- Born: Kenneth Lauber May 14, 1941 (age 84)
- Origin: New York City, U.S.
- Genres: Jazz, film score, country, musical theatre
- Occupations: Composer, musician, singer, playwright, music producer
- Years active: 1964–present
- Website: "Kenlauber.net"

= Ken Lauber =

American singer

Ken Lauber (born May 14, 1941) is an American composer, arranger producer, musician, singer and playwright.

==Early career==
Lauber was born in New York City in 1941 and raised on Long Island. His first music lessons of note were drum lessons at the age of thirteen with the drummers Gene Krupa and Cozy Cole. He continued his studies when he entered The Juilliard School of Music in the extension division when he was still in junior and senior high school studying percussion with Morris Goldenberg and Saul Goodman.
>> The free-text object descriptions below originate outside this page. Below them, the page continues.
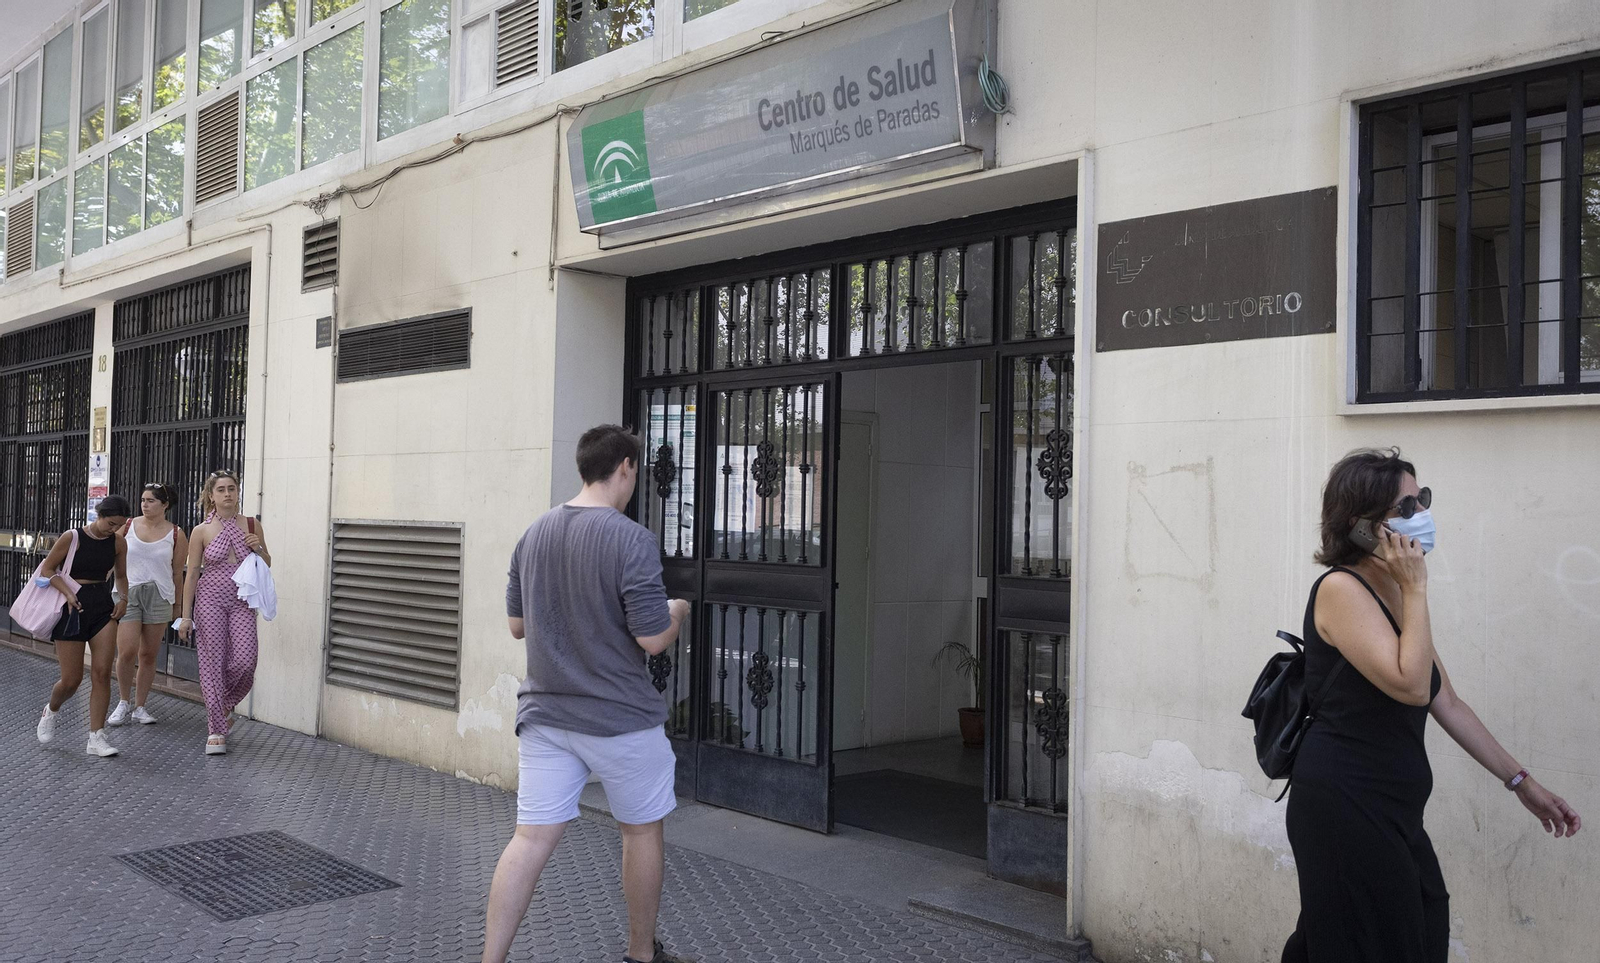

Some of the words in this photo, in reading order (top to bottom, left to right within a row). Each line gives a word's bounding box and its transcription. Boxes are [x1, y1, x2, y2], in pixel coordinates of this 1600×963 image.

[758, 90, 826, 131] Centro
[833, 76, 860, 111] de
[867, 49, 937, 101] Salud
[790, 120, 850, 154] Marqués
[855, 115, 873, 138] de
[877, 99, 940, 133] Paradas
[1121, 291, 1302, 329] CONSULTORIO
[98, 354, 107, 373] 18
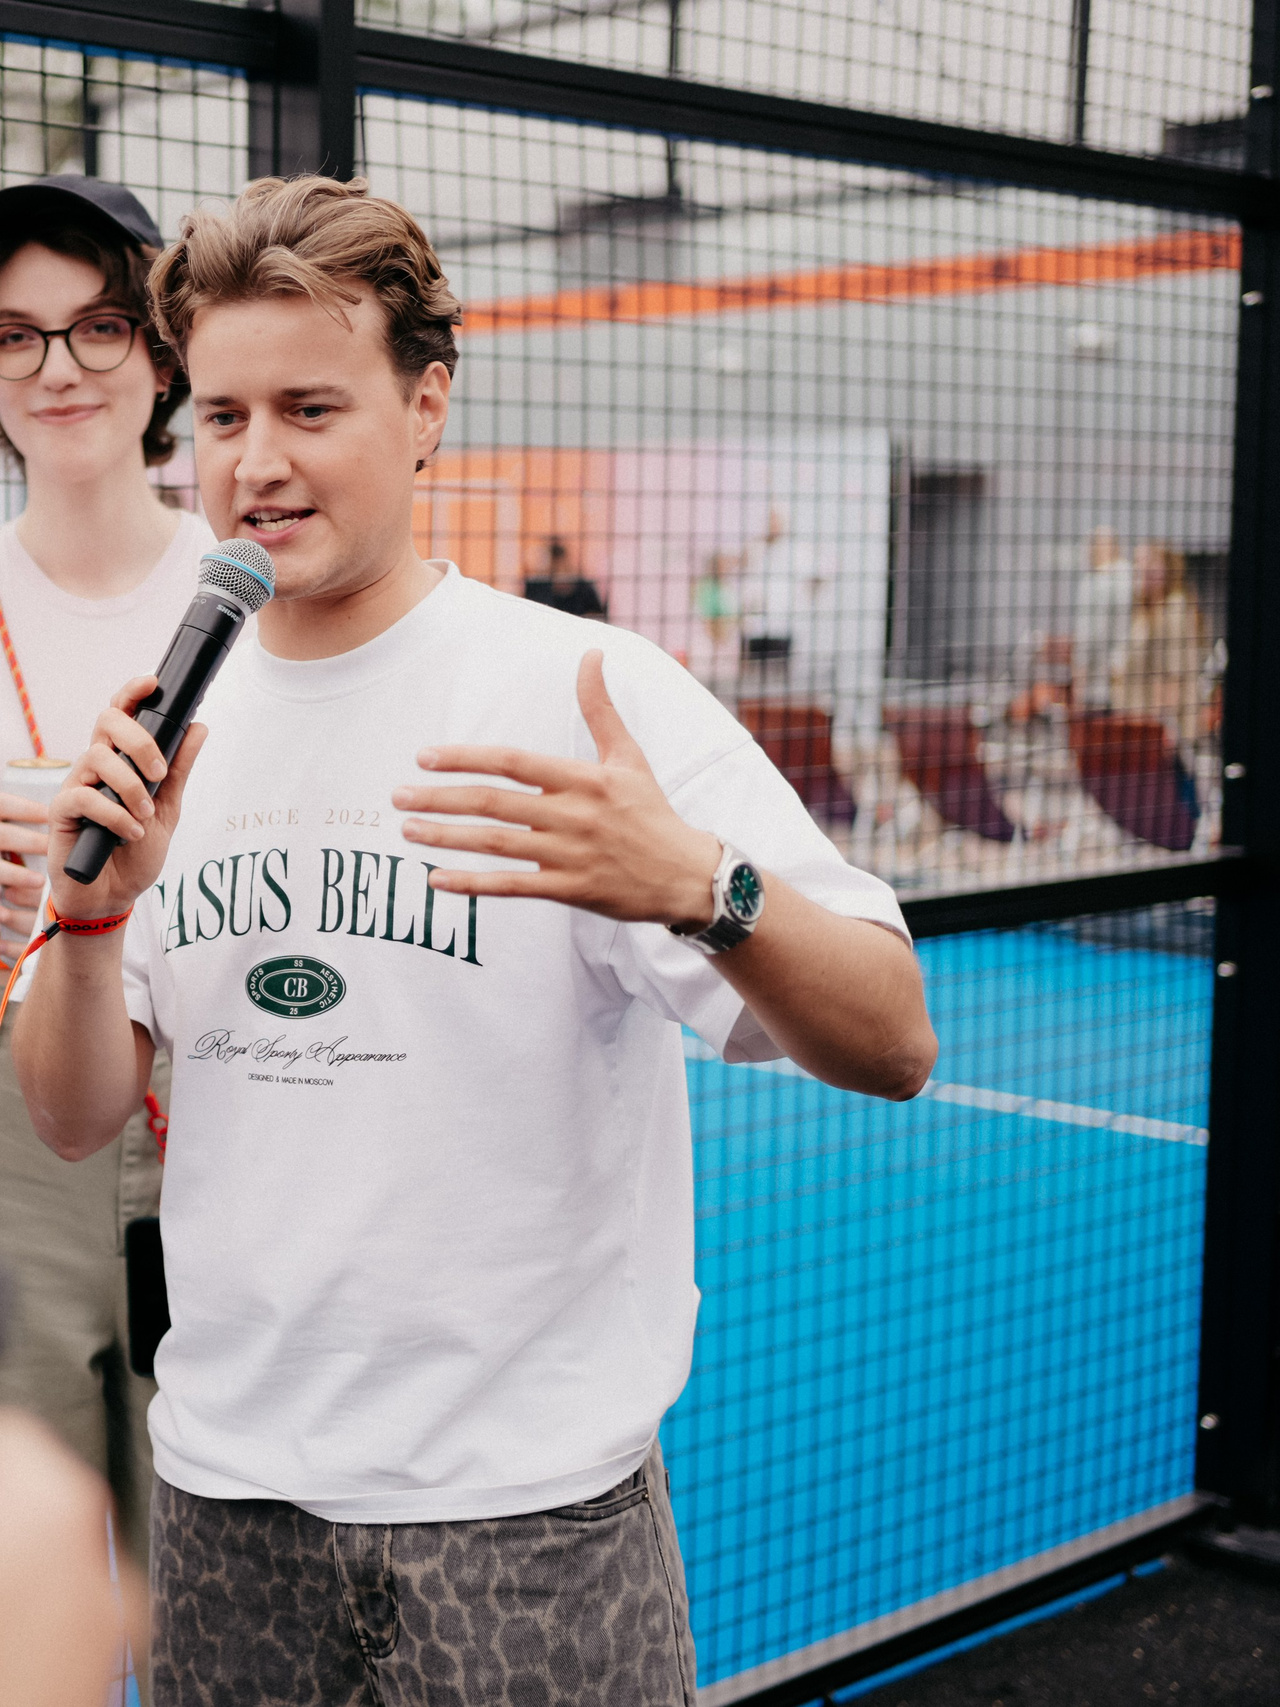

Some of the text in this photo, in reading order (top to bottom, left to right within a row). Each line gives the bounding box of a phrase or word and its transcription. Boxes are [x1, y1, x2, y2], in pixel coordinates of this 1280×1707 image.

Between 1960 and 1962 he attended two semesters at Ithaca College to further his percussion studies with Warren Benson. He then returned to The Juilliard School to study music composition with the composer Vincent Persichetti, piano with Rosina Lhévinne and conducting with Jean Morel. In addition he studied orchestration privately with Marion Evans.

In 1964, Lauber worked for United Artists Corporation and scored a seven-minute piano concerto for the film The World of Henry Orient, starring Peter Sellers. He also composed the score to The Drifter, a film by Alex Matter that received international success at the Venice Film Festival. Single recordings under his name from Lilies of the Field, a motion picture starring Sidney Poitier, and the Tony Richardson / Albert Finney film Tom Jones were among some of Lauber's early recordings.

In 1969, Lauber had a singer-songwriter contract with Polydor Records. The album Contemplation View, recorded in Nashville, was part of the label's American debut. Lauber and the musicians backing him were part of another album recorded at the same time, Area Code 615, by the band of the same name. The song "Why Ask Why", from a Burt Reynolds movie originally entitled Fade-In, was part of the group's repertoire and later was also recorded by Leo Kottke.

The album Contemplation View was considered to represent a new genre, resulting in the labeling of Lauber in reviews as one of the innovators of "countrypolitan" music, a combination of country blues and jazz. Two years later, Lauber moved to Los Angeles to continue his film composing activities as well as to record another solo singer-songwriter album, Ken Lauber, for MCA, produced by Val Garay.

==Work for other artists==
In New York, Nashville, and Los Angeles, Lauber played keyboards, arranged and produced for Richie Havens, Mimi Farina, Waylon Jennings, Johnny Cash, Doc Watson, Bob Macdill, and Sammy Smith. He also worked with Rick Danko and Kinky Friedman on their solo albums as an arranger and pianist. Lauber's compositions and songs have been recorded by some of the greatest jazz, folk and rock artists in American musical history, including Hank Jones, Richie Havens, Joe Cocker, Tim Hardin, Milt Jackson, Ray Brown, Paul Smith, Red Callender, Toots Theilman and Stanley Clark.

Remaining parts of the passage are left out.